School district eyeing shale charter school

SALINEVILLE, Ohio (WKBN) — A Columbiana County school district is another step closer to launching the first ever shale charter school.

The school would be open to any ninth through 12th grader in the state of Ohio. The Southern Local School District has been working with the Jefferson County Educational Service Center to make the school a reality.

When WKBN first reported the story in January, the district was in the planning phase. However, it’s now on to step two, which is recruiting students.

“I see this as a great benefit for a lot of kids,” said Southern Local parent Tracy Amato.

Organizers said it will be the first of its kind: a high school designed to educate and prepare its graduates for careers in the shale industry, right out of high school. Planning is complete and the recruiting phase is to begin.
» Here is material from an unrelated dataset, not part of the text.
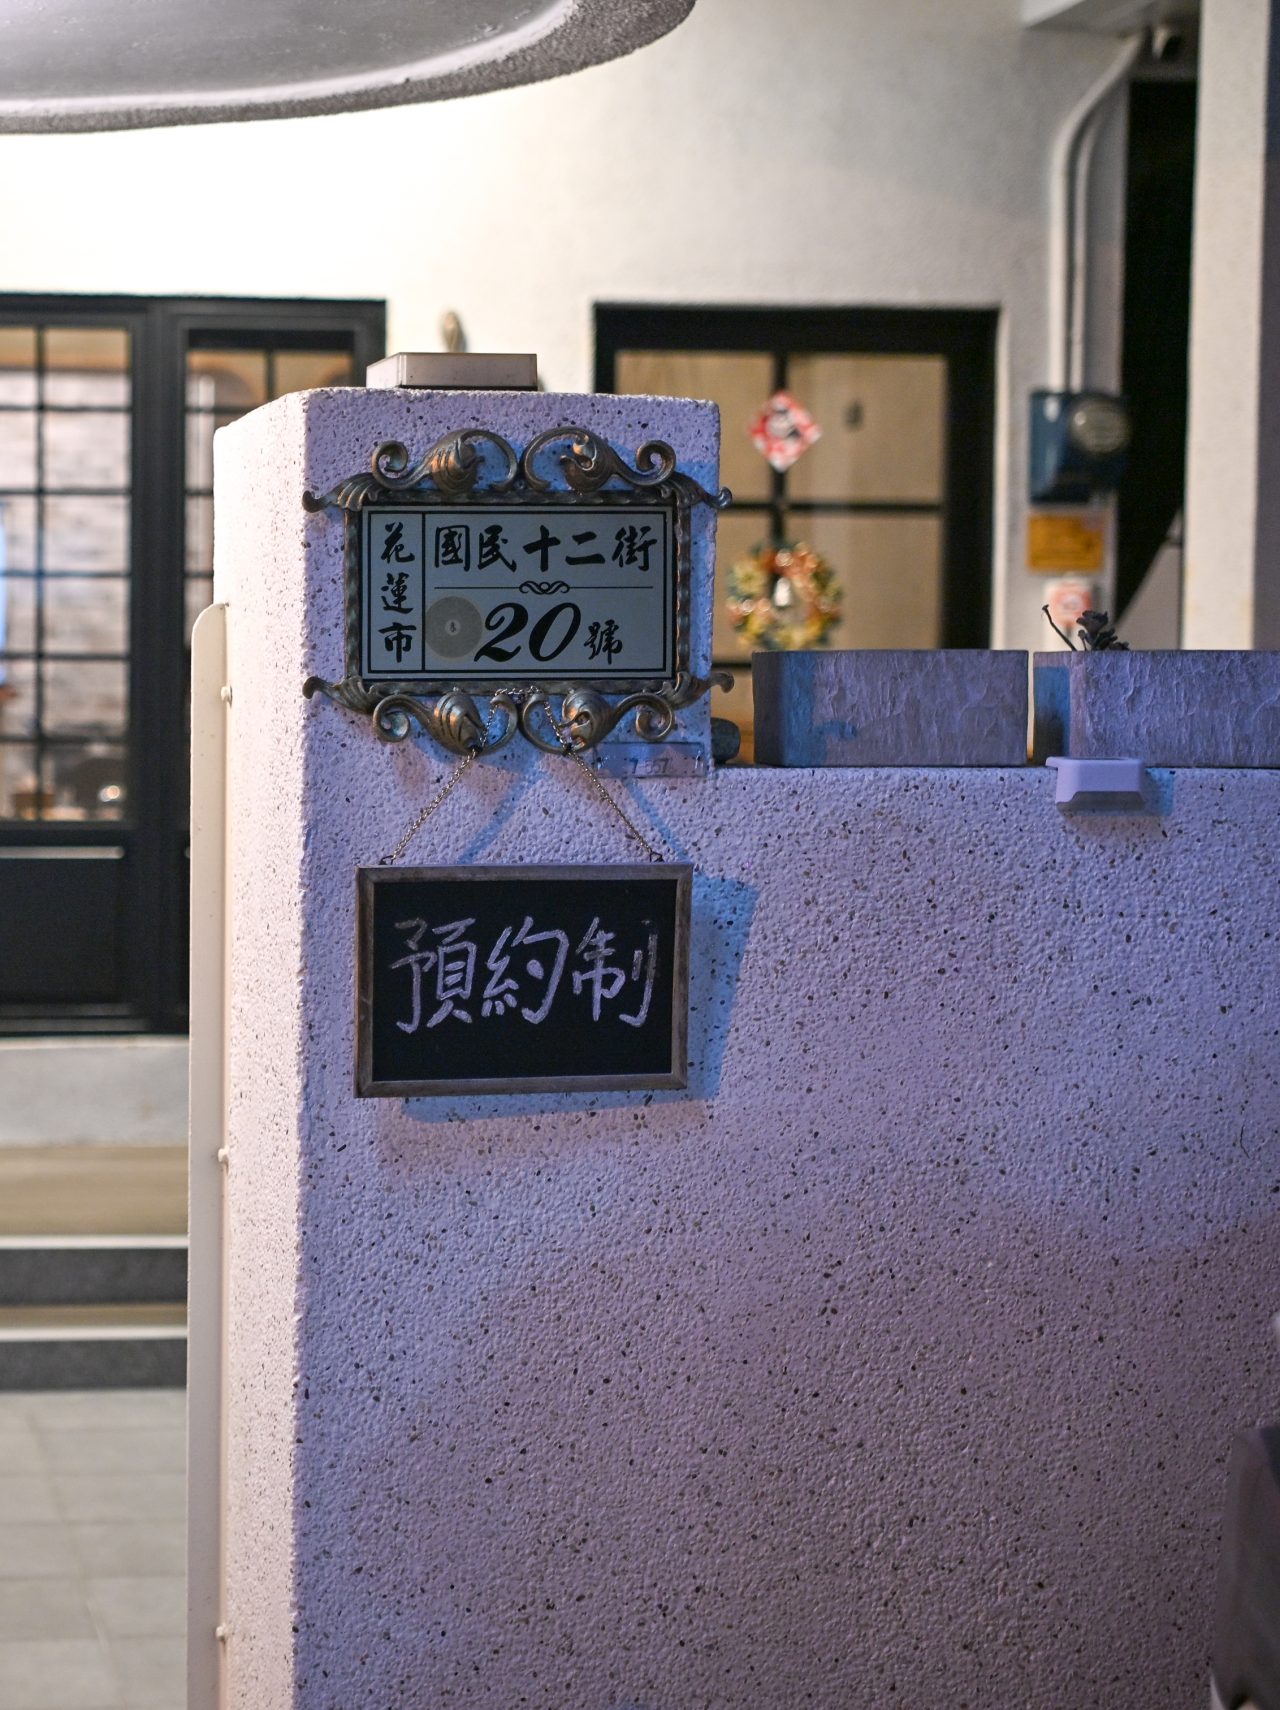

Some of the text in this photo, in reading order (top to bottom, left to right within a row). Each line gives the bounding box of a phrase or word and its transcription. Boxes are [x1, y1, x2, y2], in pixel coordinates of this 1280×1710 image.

As of Thursday, all the necessary paperwork was submitted to the Ohio Department of Education. That has to be approved and then they must meet their quota before they can open.

“We do have to have a minimum of 25 to open so that’s our target. To have 25 kids and room to grow,” said Chuck Kokiko, Supervisor for the Jefferson County Educational Service Center.

It is being called The Utica Shale Academy. It will be open to any Ohio high school student and will focus heavily on science, technology, engineering and math.

Ohio’s standardized curriculum will be offered via online classes. Students will get a chance to get their hands dirty.

“We’re going to have some hands on and some simulation equipment that the students can work on in the school,” said Kokiko.

The academy would be a partnership between Southern Local and the Jefferson County Educational Service center.

“It’s separate from Southern Local. However, it is housed in Southern Local,” said Southern Local superintendent John Wilson.

Upon graduating, students will be able to take certification tests for the industry.

Recruiting began Thursday at Southern Local’s District showcase. Amato said she was impressed.

“The job opportunities here are not great, to be able to get into something like this out of high school at the ground level, that’s excellent,” said Amato.

The school plans on opening this fall. It also will give students the ability to take classes and apply the credits toward post secondary education.

Organizers said it could cut down the time required to obtain an associate’s degree by a whole year.